What this task involves:
Please transcribe every record below exactly as it appears.

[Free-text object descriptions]

»»

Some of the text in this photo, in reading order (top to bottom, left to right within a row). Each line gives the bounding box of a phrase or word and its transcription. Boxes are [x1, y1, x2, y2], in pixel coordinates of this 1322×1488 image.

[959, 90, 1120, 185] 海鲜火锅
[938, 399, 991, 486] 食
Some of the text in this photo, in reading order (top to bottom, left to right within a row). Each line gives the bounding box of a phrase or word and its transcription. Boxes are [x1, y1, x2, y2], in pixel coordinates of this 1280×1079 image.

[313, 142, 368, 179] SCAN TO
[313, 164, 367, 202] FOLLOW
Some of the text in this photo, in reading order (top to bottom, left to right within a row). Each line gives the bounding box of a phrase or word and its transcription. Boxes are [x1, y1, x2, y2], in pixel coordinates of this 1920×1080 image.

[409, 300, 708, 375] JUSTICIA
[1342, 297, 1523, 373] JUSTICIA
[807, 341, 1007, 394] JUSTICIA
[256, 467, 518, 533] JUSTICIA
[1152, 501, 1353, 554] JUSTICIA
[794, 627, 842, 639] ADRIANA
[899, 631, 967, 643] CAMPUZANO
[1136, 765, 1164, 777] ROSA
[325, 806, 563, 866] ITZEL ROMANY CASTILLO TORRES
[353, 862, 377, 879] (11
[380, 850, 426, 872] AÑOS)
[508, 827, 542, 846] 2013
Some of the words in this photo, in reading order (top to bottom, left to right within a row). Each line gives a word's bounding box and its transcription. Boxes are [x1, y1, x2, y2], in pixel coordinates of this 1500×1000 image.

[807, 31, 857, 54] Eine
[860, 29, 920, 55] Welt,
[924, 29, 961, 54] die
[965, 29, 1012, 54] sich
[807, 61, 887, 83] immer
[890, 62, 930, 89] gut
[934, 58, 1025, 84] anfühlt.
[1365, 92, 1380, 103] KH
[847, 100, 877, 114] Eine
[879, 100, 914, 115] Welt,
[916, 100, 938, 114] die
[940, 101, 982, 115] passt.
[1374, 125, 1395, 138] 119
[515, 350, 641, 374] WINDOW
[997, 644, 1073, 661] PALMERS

««

Expected answer:
Some of the text in this photo, in reading order (top to bottom, left to right within a row). Each line gives the bounding box of a phrase or word and its transcription. Boxes are [x1, y1, x2, y2], in pixel coordinates of this 1322×1488 image.

[959, 90, 1120, 185] 海鲜火锅
[938, 399, 991, 486] 食
Some of the text in this photo, in reading order (top to bottom, left to right within a row). Each line gives the bounding box of a phrase or word and its transcription. Boxes are [x1, y1, x2, y2], in pixel coordinates of this 1280×1079 image.

[313, 142, 368, 179] SCAN TO
[313, 164, 367, 202] FOLLOW
Some of the text in this photo, in reading order (top to bottom, left to right within a row). Each line gives the bounding box of a phrase or word and its transcription. Boxes are [x1, y1, x2, y2], in pixel coordinates of this 1920×1080 image.

[409, 300, 708, 375] JUSTICIA
[1342, 297, 1523, 373] JUSTICIA
[807, 341, 1007, 394] JUSTICIA
[256, 467, 518, 533] JUSTICIA
[1152, 501, 1353, 554] JUSTICIA
[794, 627, 842, 639] ADRIANA
[899, 631, 967, 643] CAMPUZANO
[1136, 765, 1164, 777] ROSA
[325, 806, 563, 866] ITZEL ROMANY CASTILLO TORRES
[353, 862, 377, 879] (11
[380, 850, 426, 872] AÑOS)
[508, 827, 542, 846] 2013
Some of the words in this photo, in reading order (top to bottom, left to right within a row). Each line gives a word's bounding box and its transcription. Boxes are [x1, y1, x2, y2], in pixel coordinates of this 1500×1000 image.

[807, 31, 857, 54] Eine
[860, 29, 920, 55] Welt,
[924, 29, 961, 54] die
[965, 29, 1012, 54] sich
[807, 61, 887, 83] immer
[890, 62, 930, 89] gut
[934, 58, 1025, 84] anfühlt.
[1365, 92, 1380, 103] KH
[847, 100, 877, 114] Eine
[879, 100, 914, 115] Welt,
[916, 100, 938, 114] die
[940, 101, 982, 115] passt.
[1374, 125, 1395, 138] 119
[515, 350, 641, 374] WINDOW
[997, 644, 1073, 661] PALMERS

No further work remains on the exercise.